Research vision: Integrating Autonomy into Societal Systems
The modern world is a global one. With increased connectivity, it has become easier than ever before to introduce changes into the global society, and the effects thereof can spread faster than ever before. However, these effects may be positive or negative, and may be intended or unintended; for example, early evidence suggests that social media algorithms may be linked with political polarization. Under accelerated change, we must be proactive about considering the impacts of the changes before they are introduced into societal systems. However, we lack adequate tools to do so.
My long-term goal is thus to develop algorithms and tools which increase the capacity for society to make good decisions, by analyzing the impacts of proposed changes, amidst the complexities of the open world. These proposed changes could take on an overwhelmingly broad swath of forms—new technologies, algorithms, artificial intelligence (AI) models, regulations, business models, and so on. I specially focus on studying the impact of autonomy, or advanced forms of automation, with the aim of informing its integration into society.
Establishing an empirical science for societal decision making
Simply stated, instead of deploying changes into the open world and following a wait-and-see strategy, we deploy changes in simulation and analyze their counterfactual outcomes. Ongoing advances in high-performance computing and artificial intelligence are super-powering the fine-grained analysis of complex simulation systems.
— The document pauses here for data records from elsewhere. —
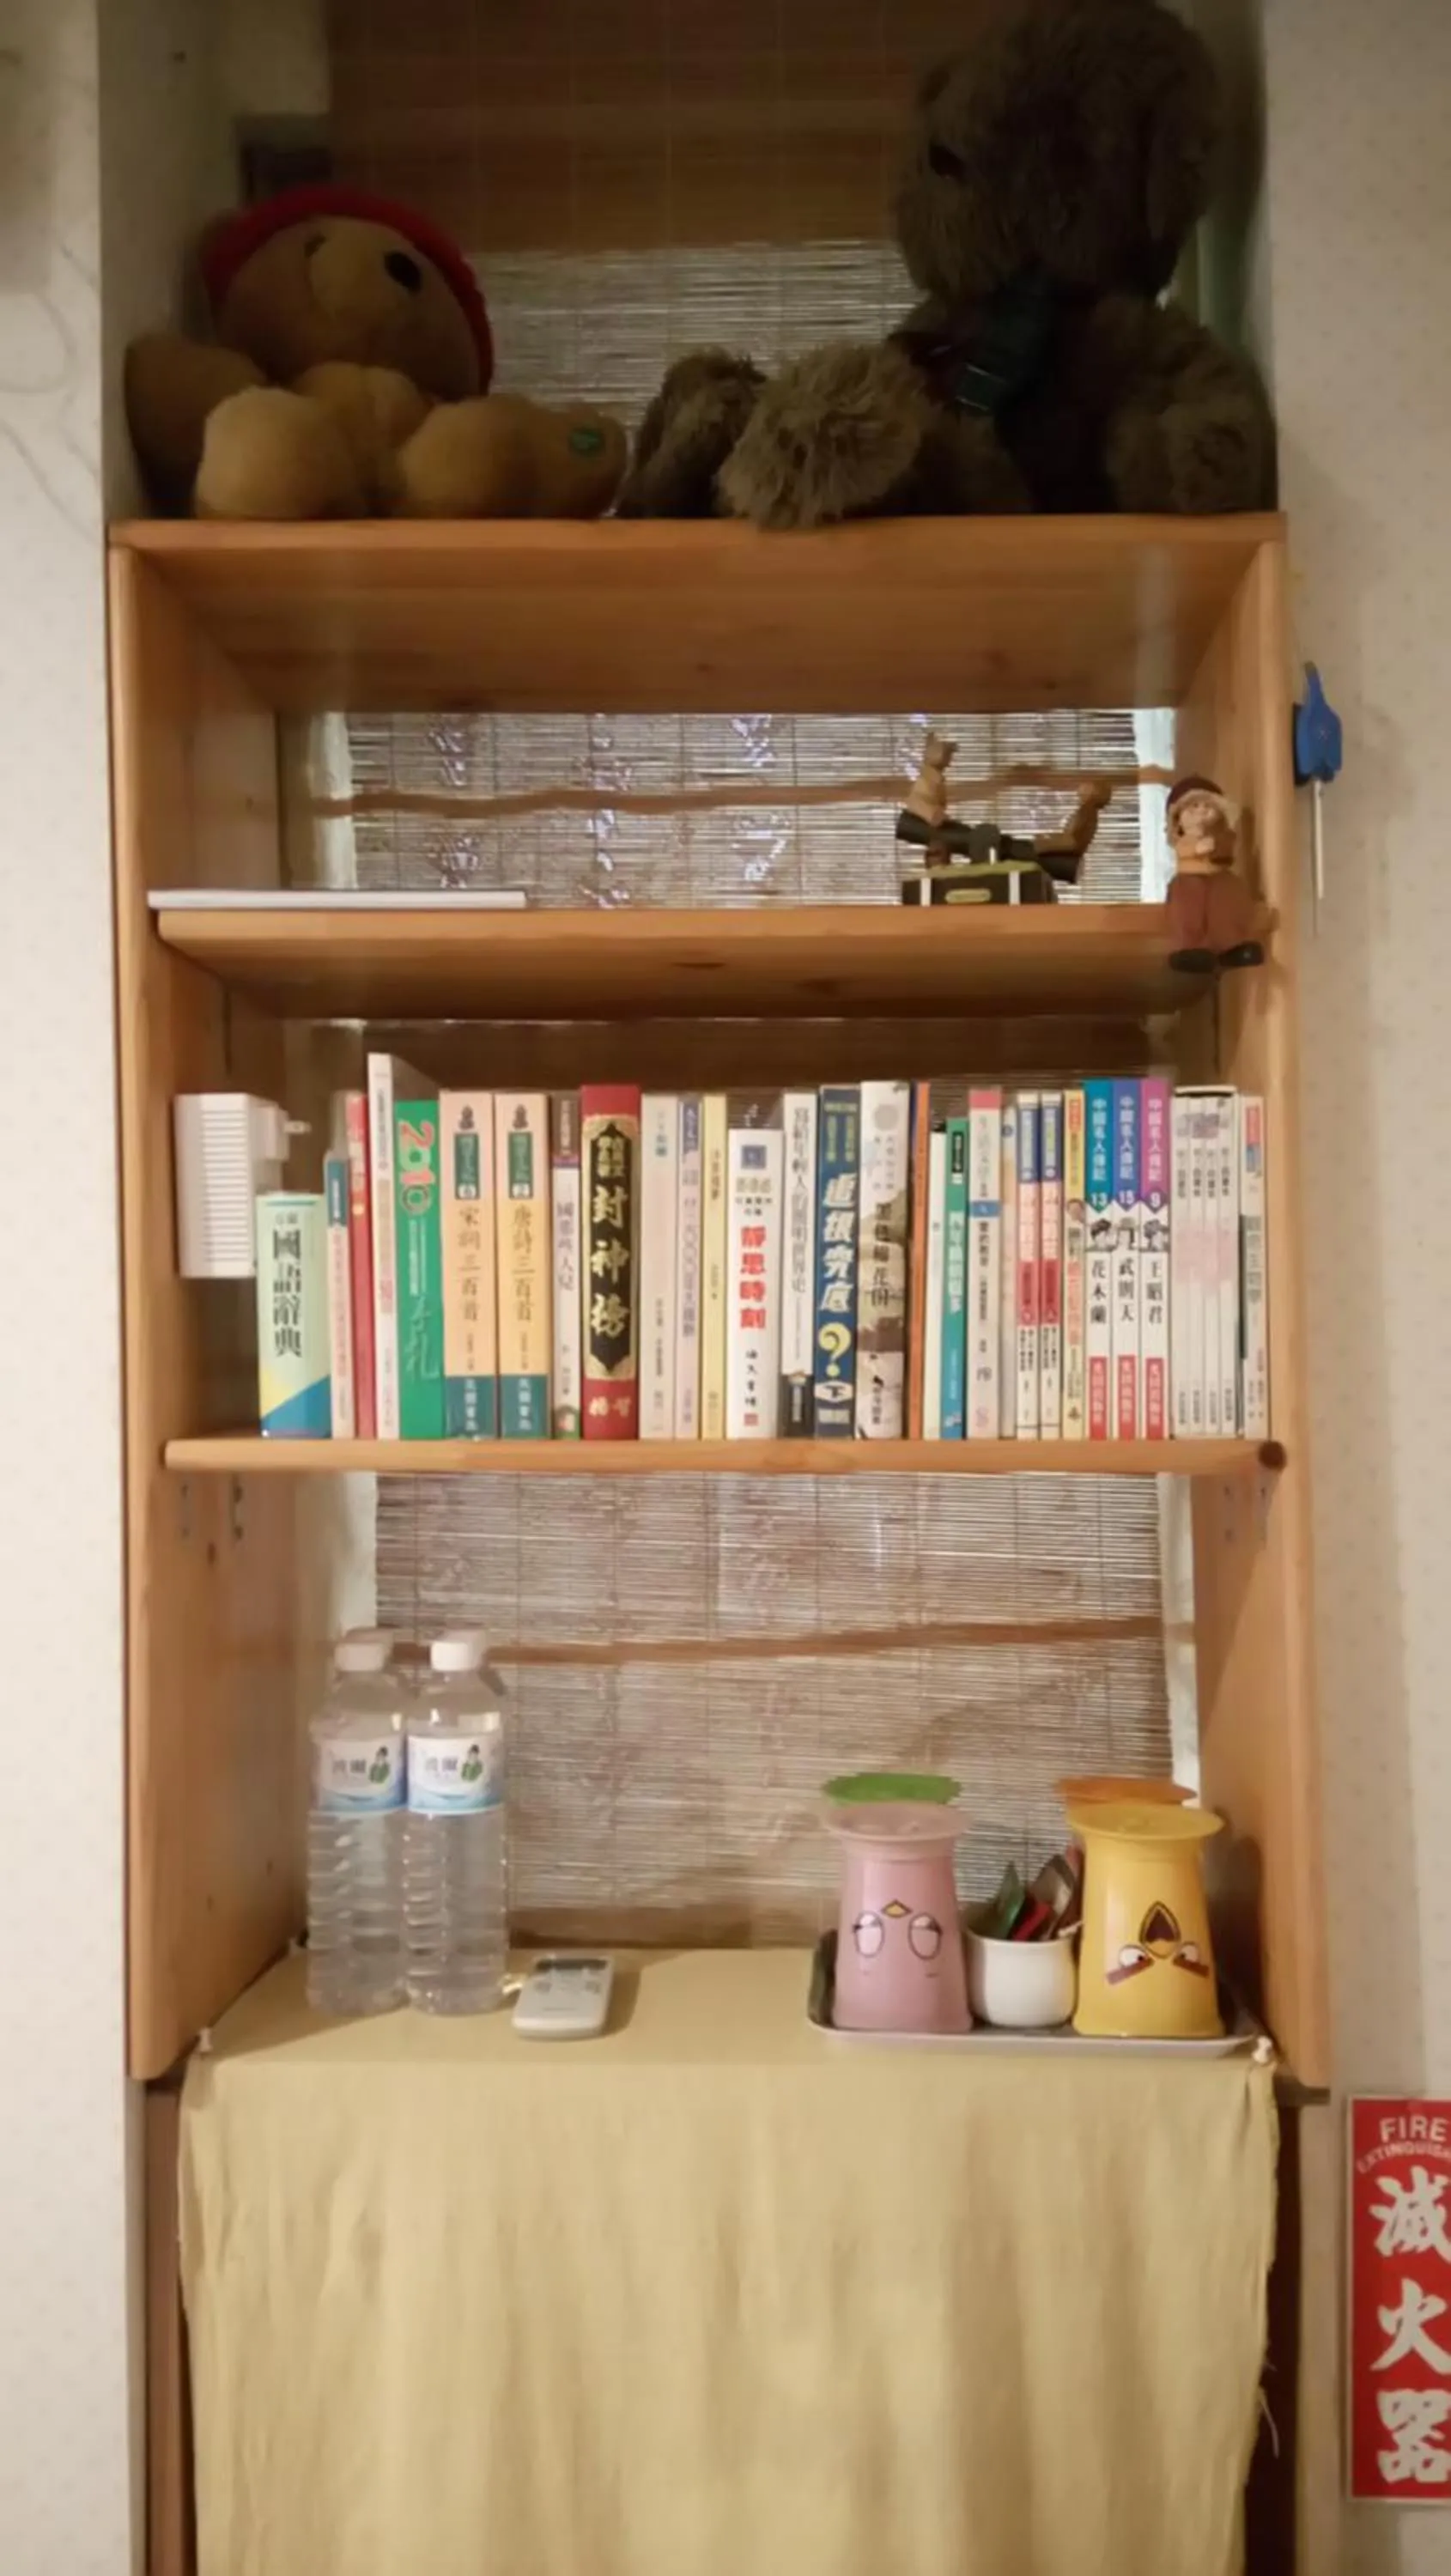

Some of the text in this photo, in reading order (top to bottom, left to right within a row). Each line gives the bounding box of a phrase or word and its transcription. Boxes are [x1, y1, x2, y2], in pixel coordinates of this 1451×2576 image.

[398, 1119, 435, 1216] 2010
[1091, 1192, 1108, 1206] 13
[273, 1229, 301, 1358] 國語辭典
[458, 1205, 481, 1322] 宋詞三百首
[513, 1204, 536, 1322] 唐詩三百首
[590, 1184, 631, 1340] 封神榜
[739, 1226, 768, 1329] 靜思時刻
[1090, 1260, 1107, 1324] 花木蘭
[1119, 1257, 1135, 1322] 武則天
[1146, 1261, 1163, 1324] 王昭君
[1380, 2113, 1448, 2143] FIRE
[1369, 2165, 1451, 2484] 滅火器
Consider, for example, urban mobility. By conducting detailed analyses of autonomous vehicles (AVs) in simulations modeled from real cities, we are contributing a still-nascent body of knowledge around the system-level impacts of AVs. In particular, we employ deep reinforcement learning (RL) algorithms to model the behavior of AVs, which may be optimizing for selfish, prosocial, or business interests. By studying isolated traffic phenomena that are well-characterized by traffic flow theory, we uncovered that a small fraction of AVs (5-10%) can cause a significant improvement in traffic congestion and travel times (40-150% improvement). In this way, negative externalities, such as traffic congestion, can be rigorously analyzed to inform public policy and business models. These policies could induce self-driving fleet operators to contribute towards addressing long-standing societal challenges, by promoting equity of access and opportunity and reducing energy consumption through advanced congestion management strategies. As such, fine-grained simulation-based counterfactual analysis promises to help guide the long arduous integration of AVs into society.
The project is open source, and is supported by Amazon, MIT RSC, NSF, and DOE. The Flow project website contains our publications and tutorials. Our work has been featured by Science, Wired, TWIML AI Podcast (twice!), O’Reilly (Chinese version), Berkeley College of Engineering, abc News, Berkeley Lab, India Times, and Russian Forbes.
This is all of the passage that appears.